* What to work on
The data below is to be written out exactly, with no pictures.
■ ■ ■ ■ ■
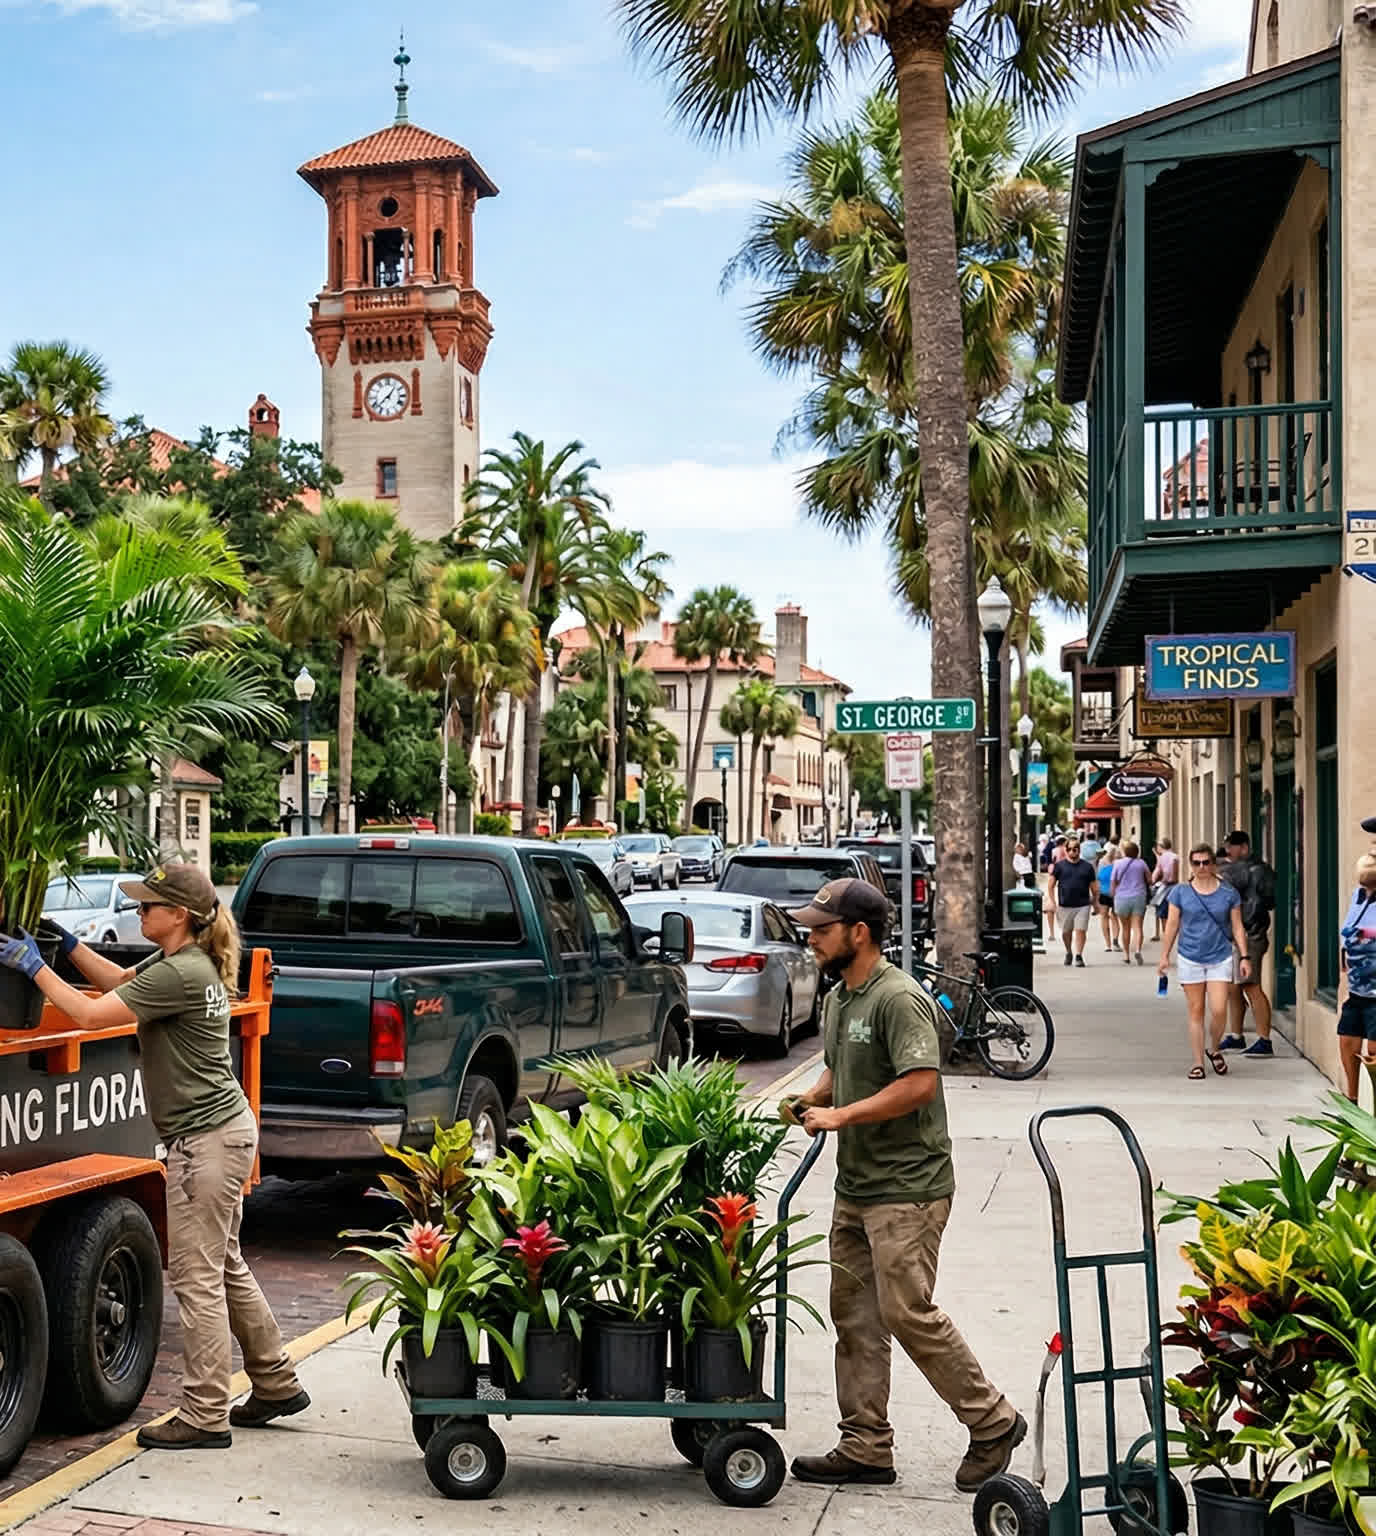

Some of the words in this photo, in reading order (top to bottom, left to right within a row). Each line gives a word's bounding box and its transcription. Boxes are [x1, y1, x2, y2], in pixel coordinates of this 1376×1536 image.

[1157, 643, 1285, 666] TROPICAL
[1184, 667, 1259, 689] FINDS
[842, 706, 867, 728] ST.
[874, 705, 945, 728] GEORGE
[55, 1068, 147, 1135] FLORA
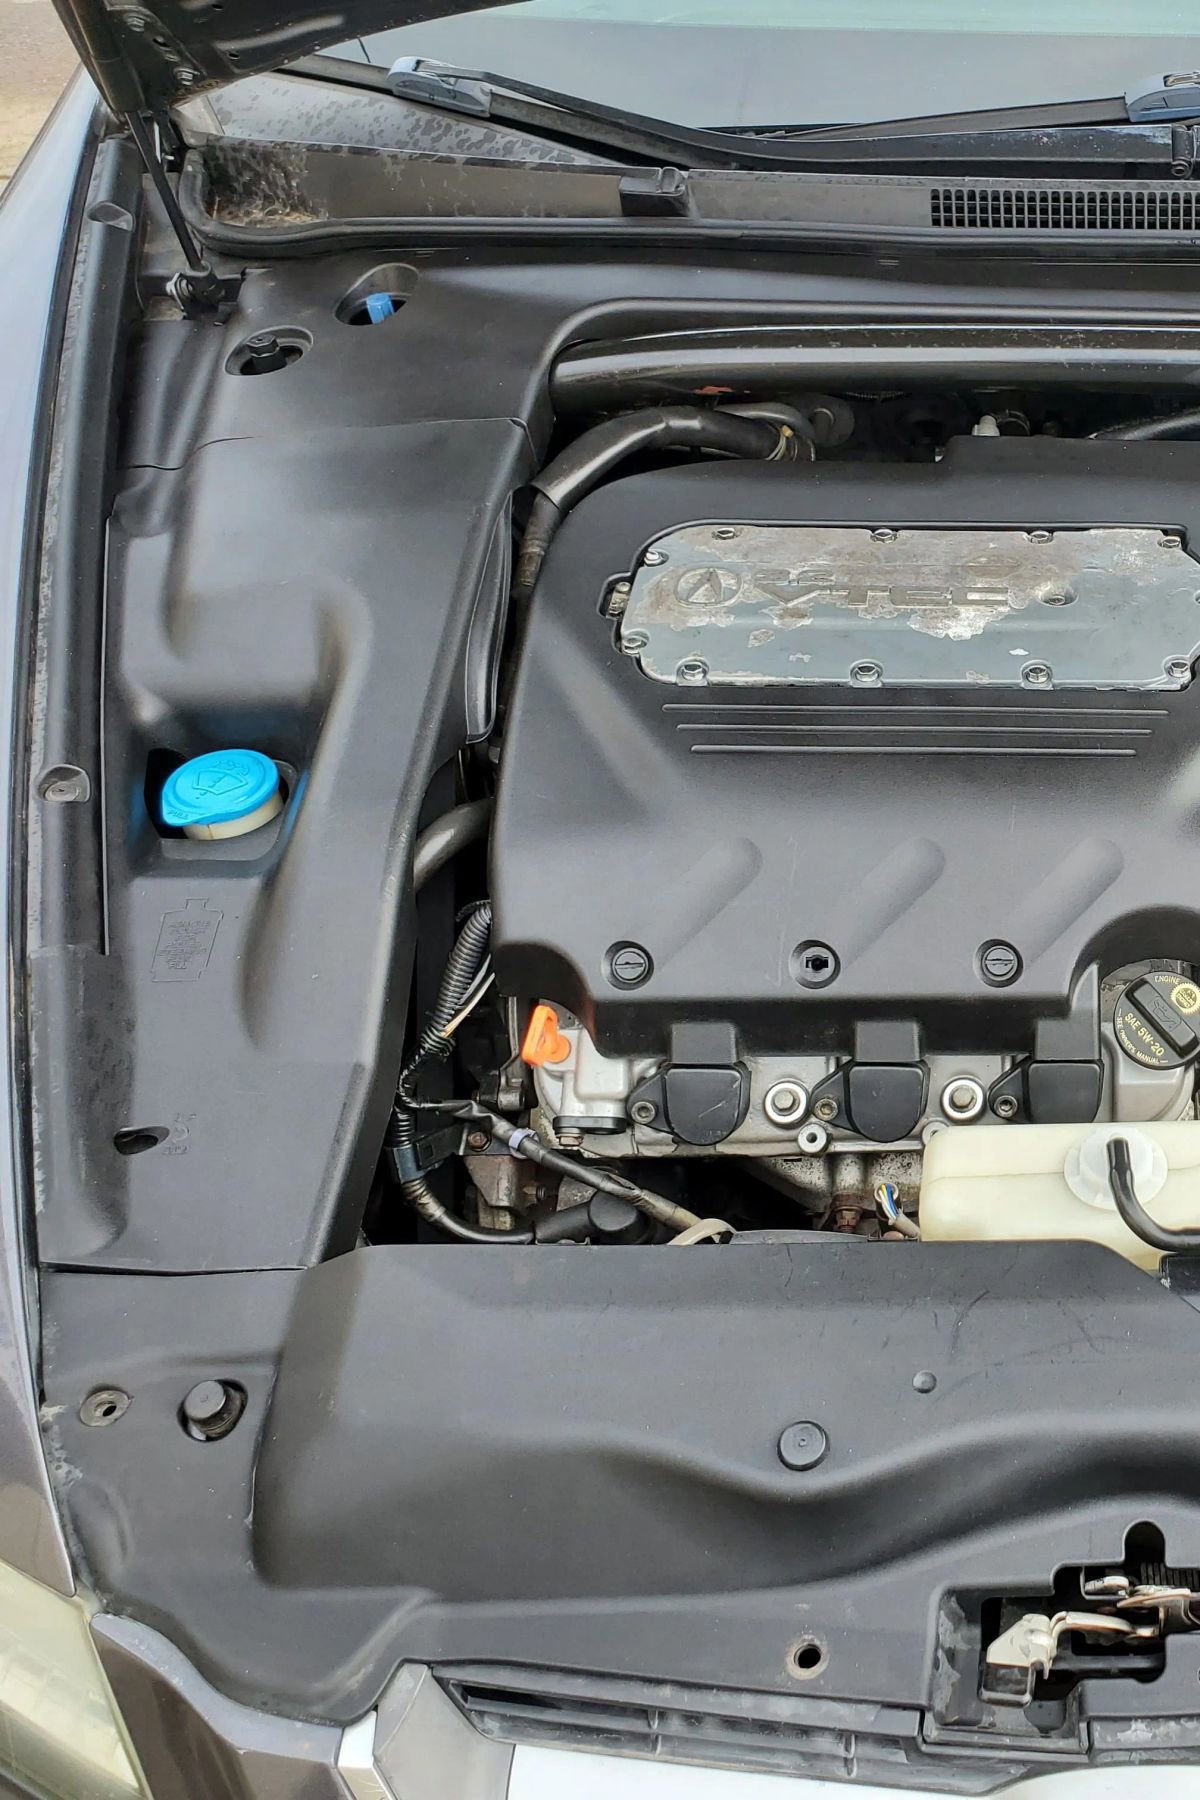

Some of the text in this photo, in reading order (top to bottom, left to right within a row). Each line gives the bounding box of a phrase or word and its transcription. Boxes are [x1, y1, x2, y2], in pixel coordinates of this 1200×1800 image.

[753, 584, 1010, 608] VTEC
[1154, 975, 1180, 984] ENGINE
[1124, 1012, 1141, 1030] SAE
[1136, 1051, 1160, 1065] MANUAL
■ ■ ■ ■ ■
* Response to the exercise
Some of the words in this photo, in reading order (top to bottom, left to right within a row). Each line gives a word's bounding box and its transcription. Boxes are [x1, y1, x2, y2], in pixel coordinates of this 1376×1536 image.

[1157, 643, 1285, 666] TROPICAL
[1184, 667, 1259, 689] FINDS
[842, 706, 867, 728] ST.
[874, 705, 945, 728] GEORGE
[55, 1068, 147, 1135] FLORA

Some of the text in this photo, in reading order (top to bottom, left to right within a row). Each line gives the bounding box of a phrase or word and its transcription. Boxes are [x1, y1, x2, y2], in pixel coordinates of this 1200×1800 image.

[753, 584, 1010, 608] VTEC
[1154, 975, 1180, 984] ENGINE
[1124, 1012, 1141, 1030] SAE
[1136, 1051, 1160, 1065] MANUAL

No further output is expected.